= Better World Club =

The Better World Club (BWC) provides services to motorists in the United States and supports organizations seeking to reduce the environmental damage done by automobiles. BWC, which describes itself as "the nation's only environmentally friendly auto club", offers a bicycle membership and caters to hybrid vehicle owners. Nationwide membership was just under 20,000 people as of June 2006. In comparison, the rival American Automobile Association has 53 million members nationwide.

==History==
Better World Club was founded by longtime friends Mitch Rofsky and Todd Silberman. It began signing up members on June 4, 2002. Rofsky and Silberman grew up as friends in Ohio and each pursued separate careers related to environmental responsibility and travel before coming together to form Better World Club. The idea initially came from environmentalists who reported that AAA used anti-environment lobbying practices. When they approached Mitch Rofsky with the idea, he realized that there was an opportunity to successfully compete with AAA.

==Services==
- Emergency roadside assistance
Emergency roadside assistance is available to drivers of both automobiles and bicycles. A bicycle membership can be purchased separately or added onto an auto policy for a smaller additional fee. Services are available across all 50 states and DC the US and Canada.

Automobile membership includes 4 service calls per year (defined as: towing, battery assistance, lockout assistance, flat tire assistance, fuel delivery or extrication) – if bicycle coverage is included these 4 calls can be split between auto and bike calls. Basic auto membership includes towing up to 5 miles, while the premium membership increases the limit to 100 miles. A bicycle-only membership provides service up to 30 miles annually with a limit of 2 service calls.

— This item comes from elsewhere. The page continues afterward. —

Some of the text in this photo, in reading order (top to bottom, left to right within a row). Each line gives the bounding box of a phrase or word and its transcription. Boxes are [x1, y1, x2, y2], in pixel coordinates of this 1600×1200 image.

- Travel products and services
Through TravelCool, Better World Club offers discounted travel with eco-friendly travel partners. Partners must emphasize sustainable practices such as recycling and building environmental awareness. Carbon offsets are included in the travel planning fee if a travel consultant is used. Discounts are available at eco-friendly lodgings, as well as at larger more well-known hotel chains. Discounts are also available on hybrid and biodiesel rental cars, available in select cities.

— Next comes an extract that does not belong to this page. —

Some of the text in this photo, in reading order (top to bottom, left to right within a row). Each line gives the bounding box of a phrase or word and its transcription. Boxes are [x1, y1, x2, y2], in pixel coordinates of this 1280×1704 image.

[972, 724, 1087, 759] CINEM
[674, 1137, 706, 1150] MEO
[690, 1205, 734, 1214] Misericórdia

Trip route planning as well as maps covering North America from the city level up through the national level are available free to all members. Maps and travel planners are ordered by phone or email and delivered by mail within 7–14 days.

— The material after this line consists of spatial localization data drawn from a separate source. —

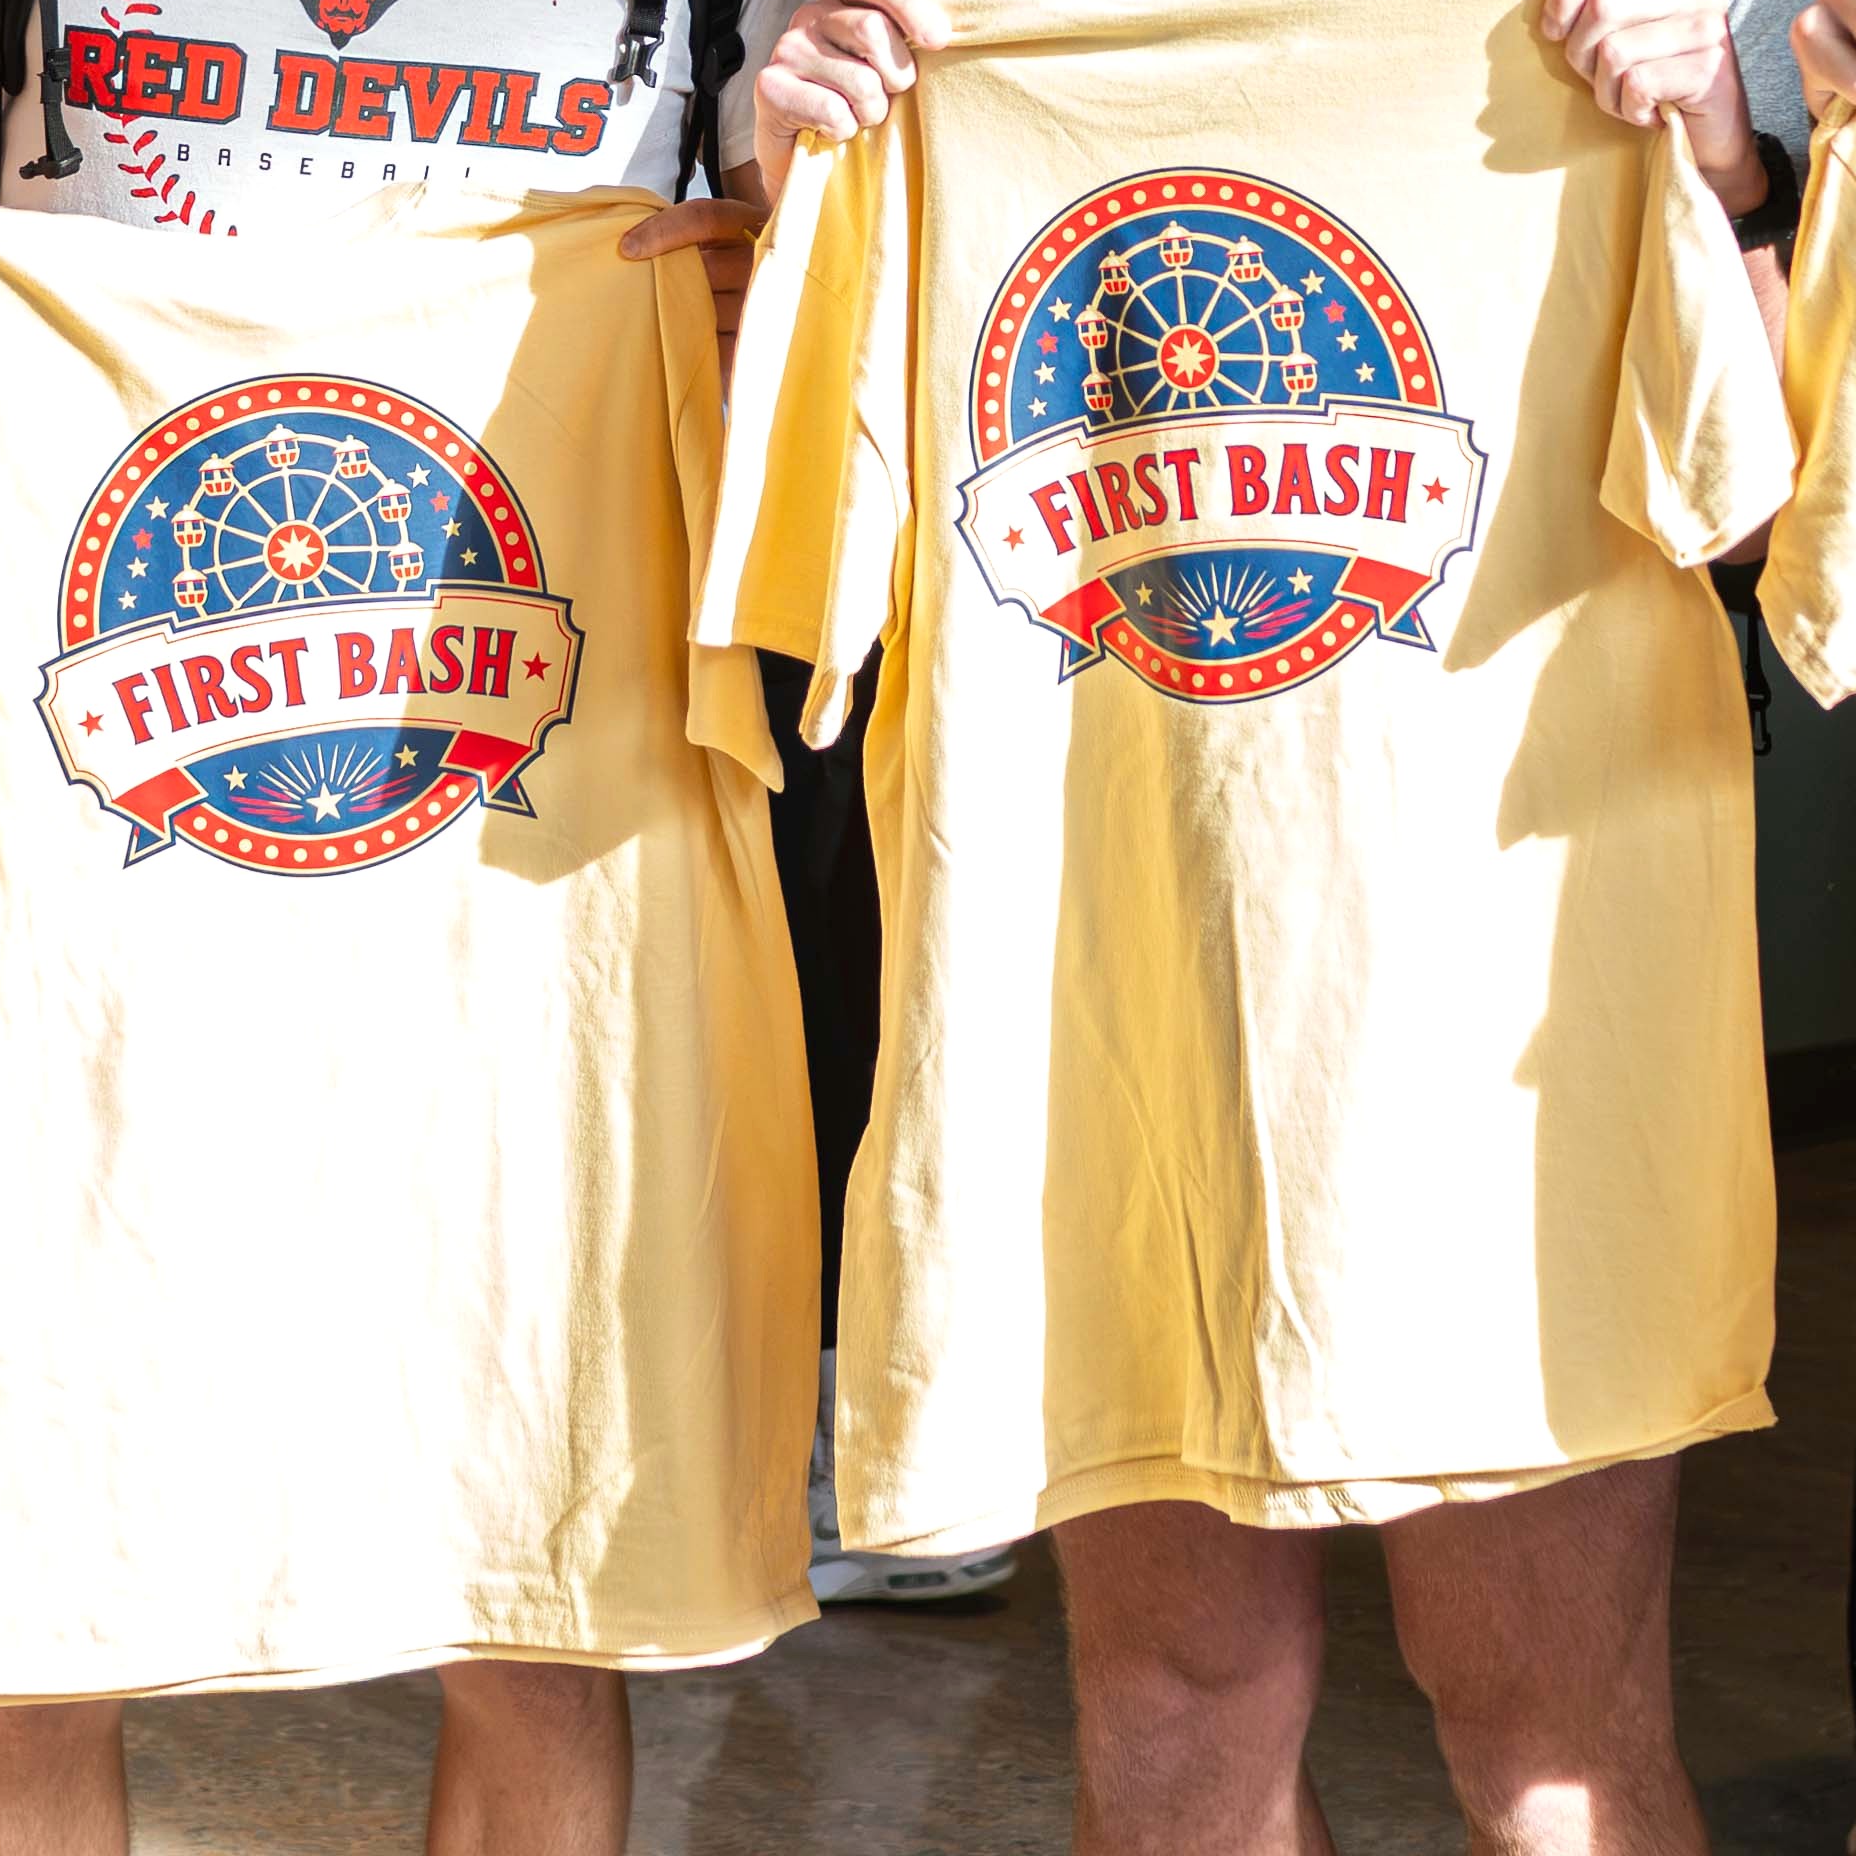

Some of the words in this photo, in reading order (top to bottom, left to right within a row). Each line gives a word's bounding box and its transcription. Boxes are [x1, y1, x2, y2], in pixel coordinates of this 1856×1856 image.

[64, 25, 248, 125] RED
[266, 48, 614, 157] DEVILS
[1028, 448, 1201, 556] FIRST
[1224, 443, 1416, 524] BASH
[112, 637, 309, 746] FIRST
[334, 626, 518, 700] BASH

- Insurance products and services
Better World Insurance, headquartered in Cambridge, Massachusetts, offers auto insurance as well as travel insurance. Carbon offsets are included free with the first year's auto insurance and offered for a nominal fee after that. Better World Insurance also advocates for pay-as-you-drive auto insurance, and offer it to customers in the limited locations where it is available.

- Other benefits
Other member benefits include gas rebate coupons and discounts at other environmentally friendly companies both online and off. Hybrid car and biodiesel car owners receive a discount on membership (with gas-guzzlers that get less than 10 mi/gal being charged an additional surcharge). All members are eligible to receive the monthly newsletter, Kicking Asphalt, which includes news and information about environmental and travel related topics, new member discounts, and occasional calls for member activism. In order to preserve natural resources, this newsletter is distributed by email only.

==Partners==
Better World Club partners include: Adventure Cycling Association, Car Talk, League of American Bicyclists, National Wildlife Federation, Organic Consumers Association, Washington Area Bicycle Association, and Working Assets.